Segurança: Polícia Civil regulamenta porte de arma para policiais aposentados em Sergipe

Resolução aprovada pelo Conselho Superior estabelece exigências psicológicas, técnicas e treinamentos periódicos para a manutenção do armamento institucional.

(Foto: SSP/SE)

O Conselho Superior da Polícia Civil (CSPC) aprovou, nesta quinta-feira, 7 de maio, a Resolução nº 001/2026, que regulamenta a concessão do porte de arma institucional para policiais civis aposentados no estado. A medida atende a uma reivindicação histórica da categoria e busca garantir o direito à autodefesa dos profissionais que dedicaram décadas ao serviço público.

Segundo o delegado-geral, Thiago Leandro, a nova regra reconhece que o vínculo do policial com a carreira não se encerra com a inatividade. Contudo, para manter o armamento, o servidor precisará cumprir uma série de critérios rigorosos.

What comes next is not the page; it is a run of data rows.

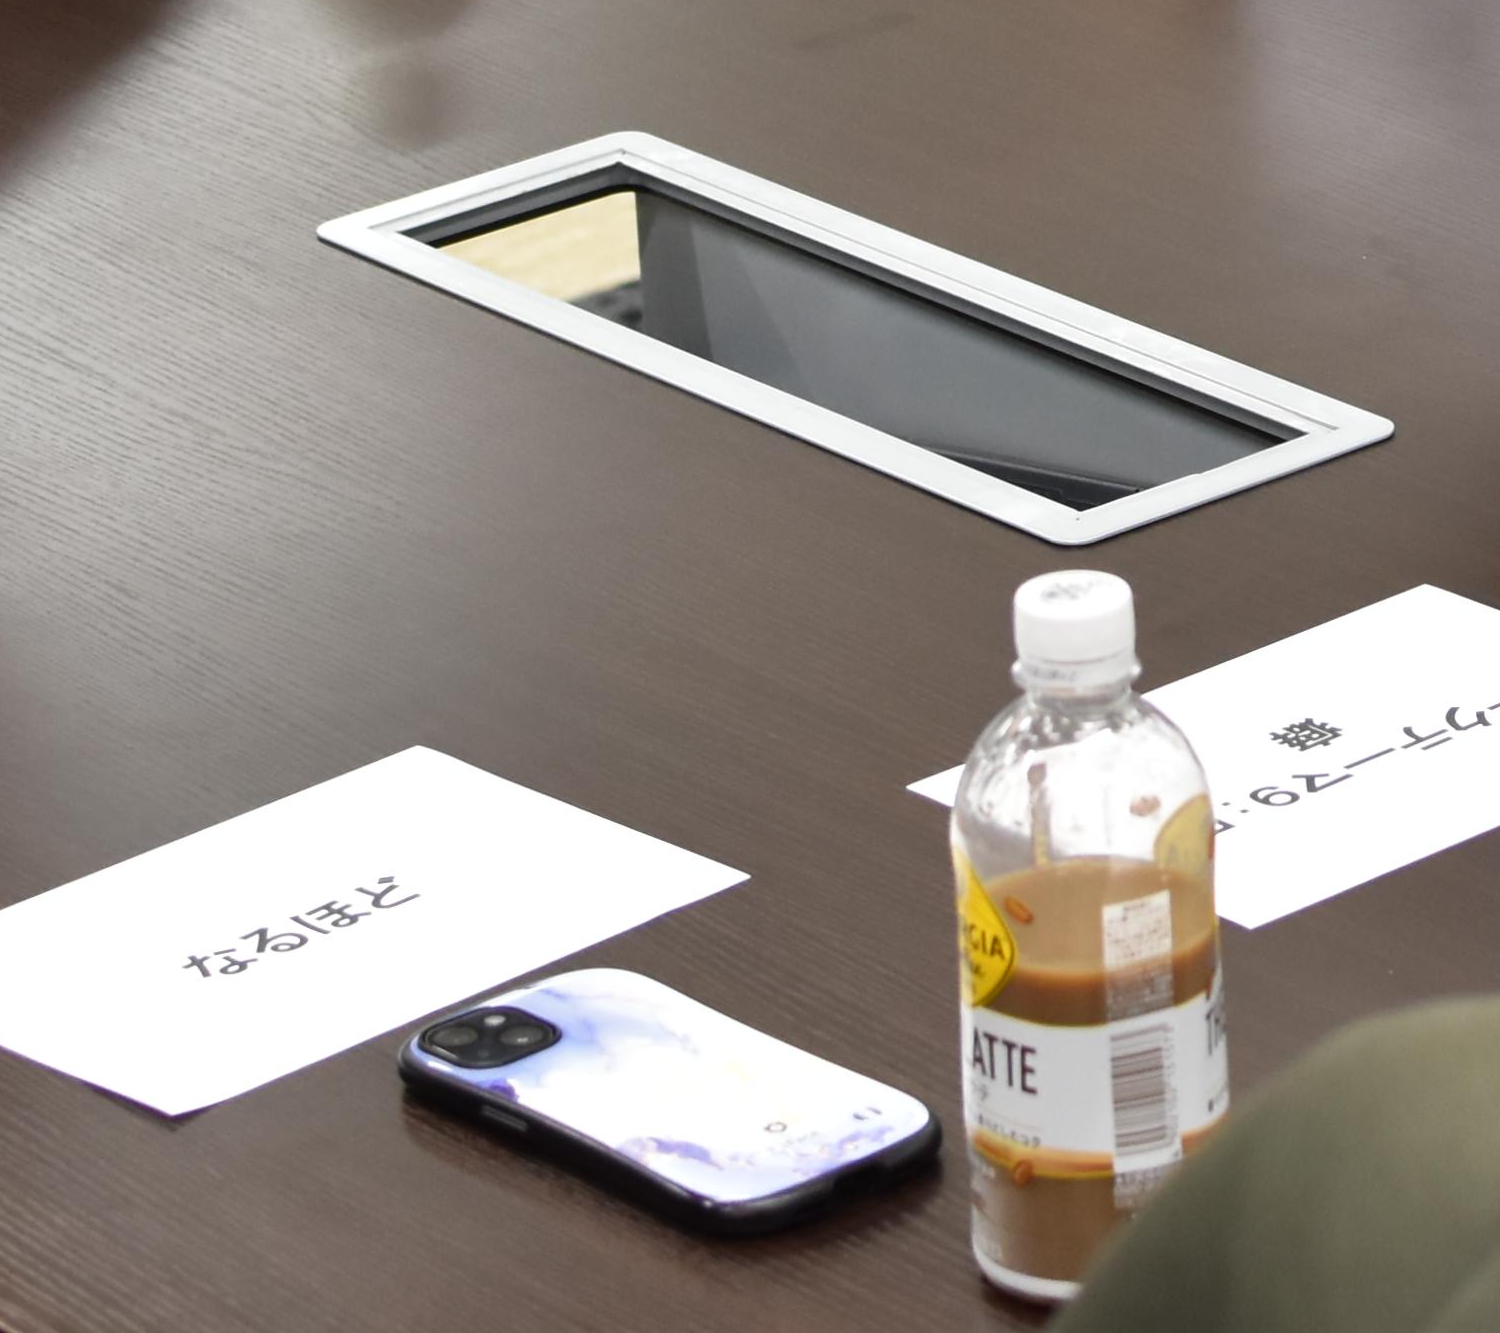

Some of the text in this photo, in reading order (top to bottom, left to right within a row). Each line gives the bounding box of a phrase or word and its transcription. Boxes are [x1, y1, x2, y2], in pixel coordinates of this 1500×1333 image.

[1268, 717, 1343, 752] 癖
[181, 875, 421, 978] なるほど
[970, 1026, 1038, 1097] ATTE
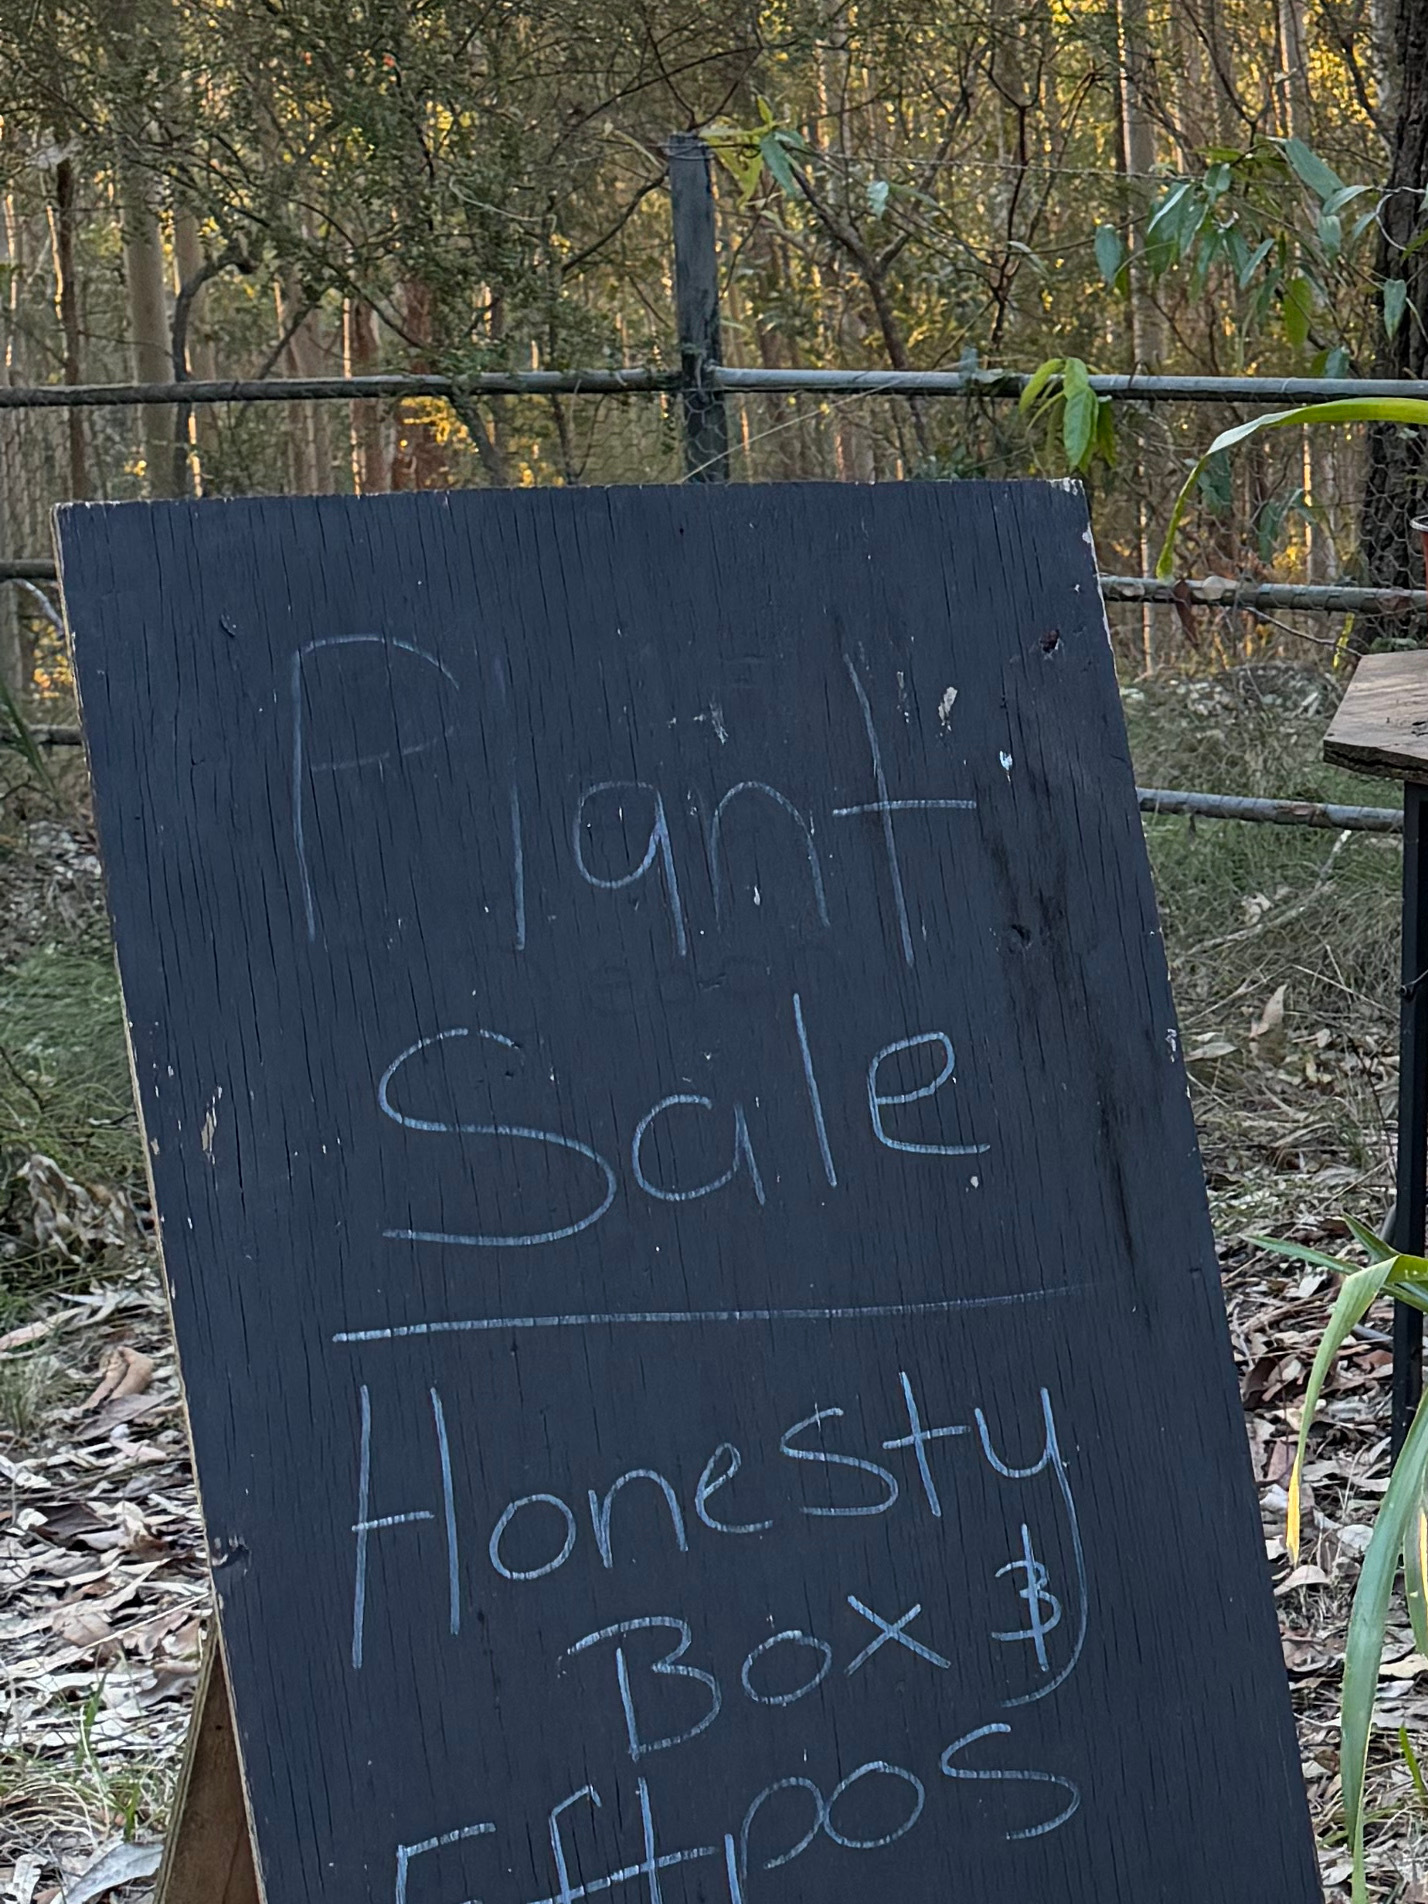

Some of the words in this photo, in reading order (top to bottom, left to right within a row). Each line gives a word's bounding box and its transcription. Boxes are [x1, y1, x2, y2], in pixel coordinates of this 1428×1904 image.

[291, 621, 977, 966] Plant
[378, 992, 990, 1246] Sale
[352, 1371, 1089, 1708] Honesty
[558, 1594, 952, 1761] Box

Requisitos e Exigências Técnicas

A regulamentação prevê que o benefício não é automático. O policial aposentado deverá passar por avaliações periódicas e manter uma conduta ética ilibada:

  • Avaliações: Obrigatoriedade de exames de saúde física, mental e avaliação psicotécnica.
  • Capacidade Técnica: Realização de testes práticos de manuseio e tiro na Academia de Polícia Civil.
  • Ficha Funcional: Ausência de registros desabonadores ou impedimentos judiciais.
  • Treinamento: Participação em reciclagens periódicas e inspeção técnica anual da arma.

Regras para o Acautelamento

A norma estabelece limites claros para o uso do equipamento institucional:

  • Quantidade: O acautelamento é limitado a apenas uma arma institucional por servidor. Caso possua excedentes, a devolução deve ocorrer em até cinco dias úteis após a aposentadoria.
  • Munições: Serão entregues 50 unidades inicialmente, com reposição de 25 munições a cada seis meses, condicionada à participação nos treinamentos.
  • Prazos: Policiais recém-aposentados ou já inativos têm até 90 dias para solicitar o benefício a partir da publicação da norma.

Suspensão do Benefício

A resolução prevê a suspensão imediata do porte em casos de indiciamento por crimes de violência doméstica, crimes hediondos ou descumprimento das normas de fiscalização. Em caso de falecimento, os herdeiros devem devolver o armamento à instituição.

Para a Polícia Civil de Sergipe, a medida garante que o profissional, mesmo aposentado, mantenha sua capacidade de autodefesa e possa intervir em ocorrências eventuais, preservando a segurança da população.